Como afirma algún autor (Borrajo Dacruz), los beneficiarios han de desplegar para el reconocimiento de sus derechos y para el cumplimiento de sus obligaciones una diligencia ordinaria pero no más. Es a la Administración a la que corresponde un deber reforzado de diligencia y su gestión debe estar inspirada en el principio de atención y cuidado al ciudadano que justifica la existencia y el coste de la propia Administración.

Estos principios son extrapolables al Derecho Administrativo en el que el caos legislativo no es comparable porque, al menos, mantiene una cierta estructura técnica, pero sí se ve afectado por una proliferación de normas cuyo conocimiento queda reservado en la práctica a los funcionarios y a los operadores jurídicos especializados.

Además -y ésta es la cuestión nuclear- pesa sobre la Administración el deber de «respetar en su actuación los principios de buena fe y de confianza legítima».

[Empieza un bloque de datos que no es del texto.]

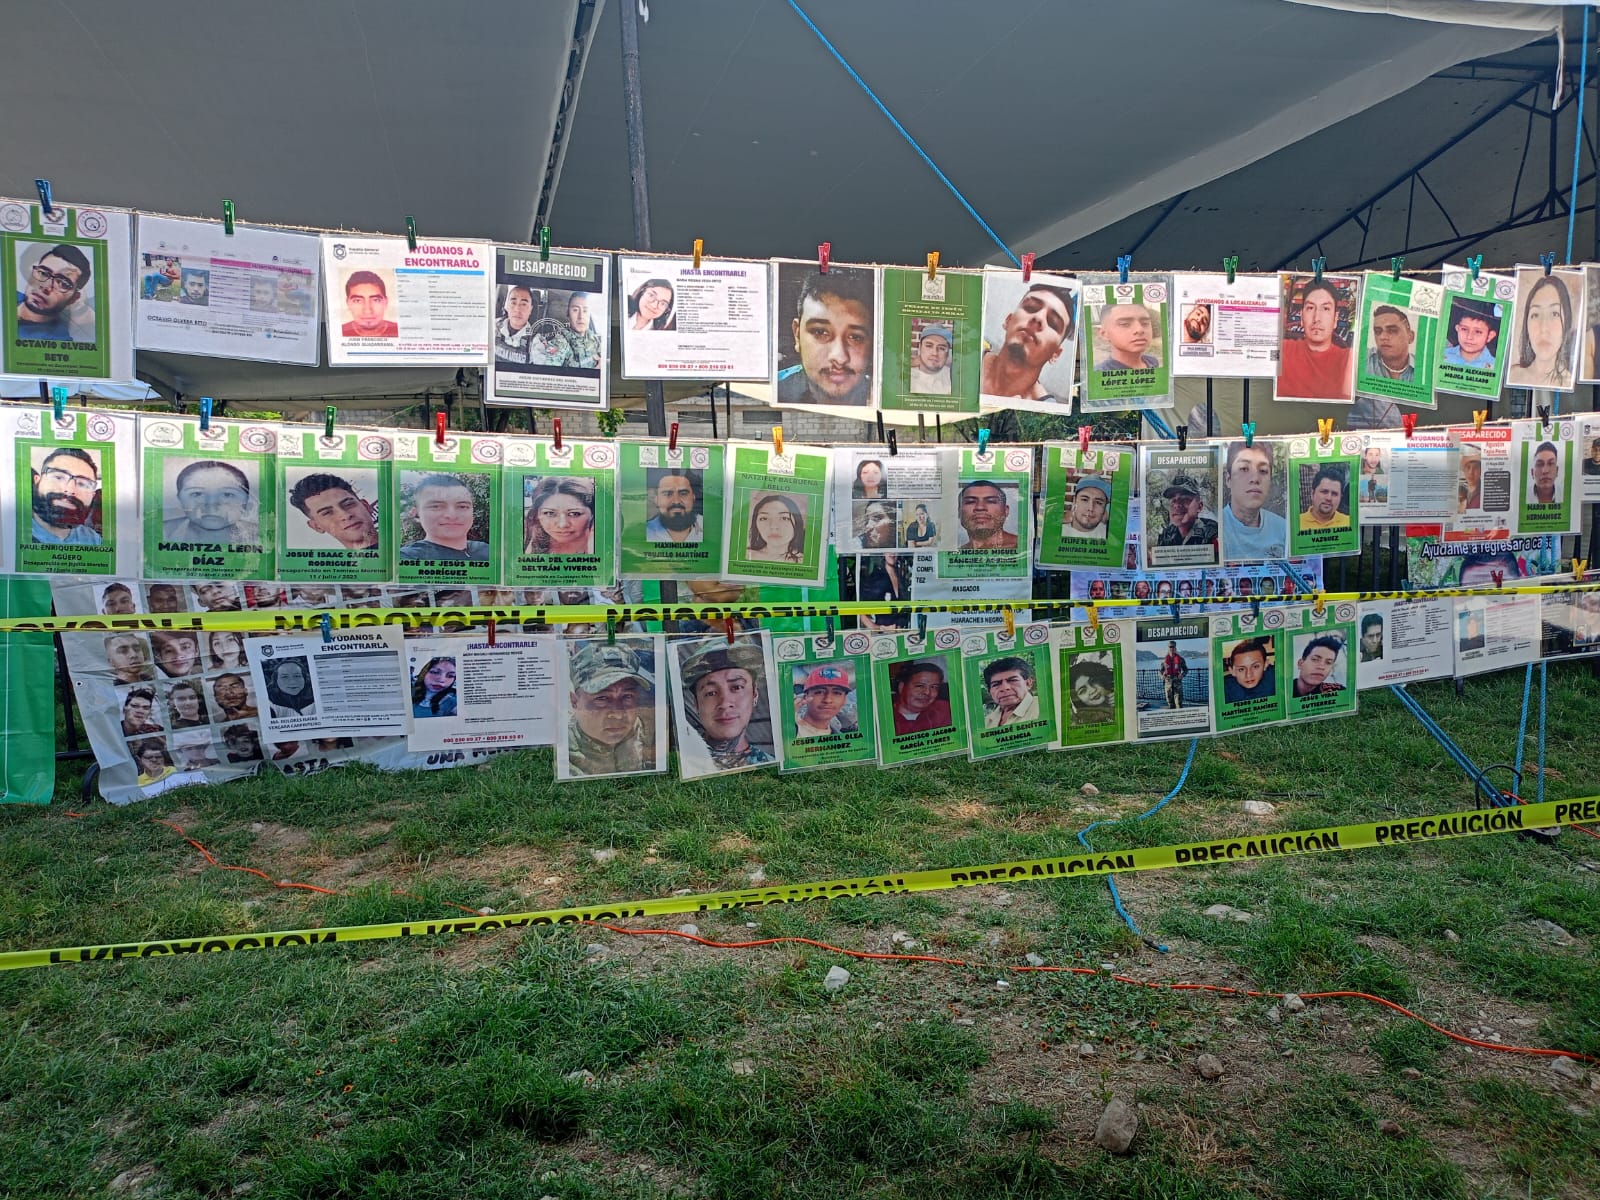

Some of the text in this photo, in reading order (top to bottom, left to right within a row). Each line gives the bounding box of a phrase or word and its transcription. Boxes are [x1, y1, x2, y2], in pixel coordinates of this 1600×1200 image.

[409, 243, 474, 256] AYÚDANOS A
[404, 258, 480, 269] ENCONTRARLO
[513, 259, 587, 278] DESAPARECIDO
[680, 268, 747, 278] ¡HASTA ENCONTRARLE!
[16, 339, 98, 352] OCTAVIO OLVERA
[44, 353, 69, 362] BETO
[1130, 367, 1155, 376] JOSUÉ
[1439, 364, 1464, 373] ANTONIO
[1102, 377, 1156, 386] LÓPEZ LÓPEZ
[1157, 456, 1208, 465] DESAPARECIDO
[742, 473, 777, 482] NATZIELY
[768, 484, 791, 492] BELLO
[1297, 527, 1312, 536] JOSÉ
[1313, 527, 1332, 535] DAVID
[158, 543, 222, 553] MARITZA
[1471, 545, 1478, 554] a
[1480, 538, 1524, 558] regresar
[1525, 540, 1531, 550] a
[286, 550, 314, 558] JOSUÉ
[347, 550, 379, 559] GARCÍA
[676, 550, 709, 558] MARTÍNEZ
[192, 554, 225, 566] DÍAZ
[399, 559, 420, 567] JOSÉ
[419, 568, 468, 576] RODRÍGUEZ
[522, 564, 560, 572] BELTRÁN
[952, 585, 980, 593] RASGADOS
[1148, 625, 1198, 638] DESAPARECIDO
[330, 634, 374, 643] YÚDANOS
[321, 642, 389, 652] ENCONTRARLA
[1302, 700, 1337, 709] GUTIERREZ
[1222, 703, 1278, 717] MARTÍNEZ RAMÍREZ
[981, 720, 1048, 739] BERNABÉ BENÍTEZ
[792, 737, 815, 746] JESÚS
[893, 732, 930, 744] FRANCISCO
[996, 732, 1032, 743] VALENCIA
[805, 743, 851, 753] HERNANDEZ
[900, 740, 925, 750] GARCÍA
[927, 736, 951, 745] FLORES
[1376, 810, 1523, 844] PRECAUCIÓN
[1176, 832, 1338, 863] PRECAUCIÓN

Ciertamente tanto la buena fe como la confianza legítima son conceptos más fáciles de sentir que de definir pero, aún así, deben conducir a excluir medidas sancionadoras para el administrado cuando se hubiera requerido por su parte una alta diligencia para evitar el incumplimiento de la norma, debiendo corresponder a la Administración suplir esa diligencia, sobre todo en aquellos supuestos en los que cuenta con todos los datos necesarios para avisar a los destinatarios de la norma y de sus modificaciones de las nuevas situaciones creadas antes de poner en marcha procedimientos sancionadores.

Buena prueba de la actuación administrativa sometida a estos principios la constituyen las alertas sobre el vencimiento de los plazos de vigencia del carné de conducir o de la inspección técnica de vehículos.

Son claras muestras de que la regla vigente desde el Derecho Romano, sin perder su sentido y fundamento, está atemperándose en parcelas concretas a las exigencias de una Administración que debe considerar al ciudadano como un cliente y no como un servidor.

Hay que tener en cuenta, por más que nos pese a la mayoría de los funcionarios, que en la Administración todavía existen reductos hostiles hacia el administrado, representados por empleados públicos distantes que interponen una barrera fría y a veces impenetrable, olvidando que es precisamente el servicio a ese administrado el que justifica la existencia de la Administración y, por consiguiente, de la función pública creada y diseñada para servirla.

En la moderna Administración ya no vale apelar a la regla que sirve de título a estas líneas para justificar una actuación sancionadora sin haber agotado previamente todos los medios a nuestro alcance para cumplir con la buena fe y la confianza legítima que nos exige precisamente la ley que nosotros mismos, por nuestra condición de agentes cualificados, no podemos ni desconocer ni obviar.

Concluía mi amigo formulándome una última pregunta también de gran interés. Si la regla «la ignorancia de la ley no excusa de su cumplimiento» es incuestionable, ¿lo será igualmente su hipótesis contraria, «el conocimiento de la ley exime de su cumplimiento»?

Le dije a mi amigo que en esta materia no resultaba viable aplicar el silogismo disyuntivo (ser o no ser) aunque, ciertamente, el conocimiento de la ley puede ayudar a no cumplirla o a mantener una interpretación que atenúe sus efectos.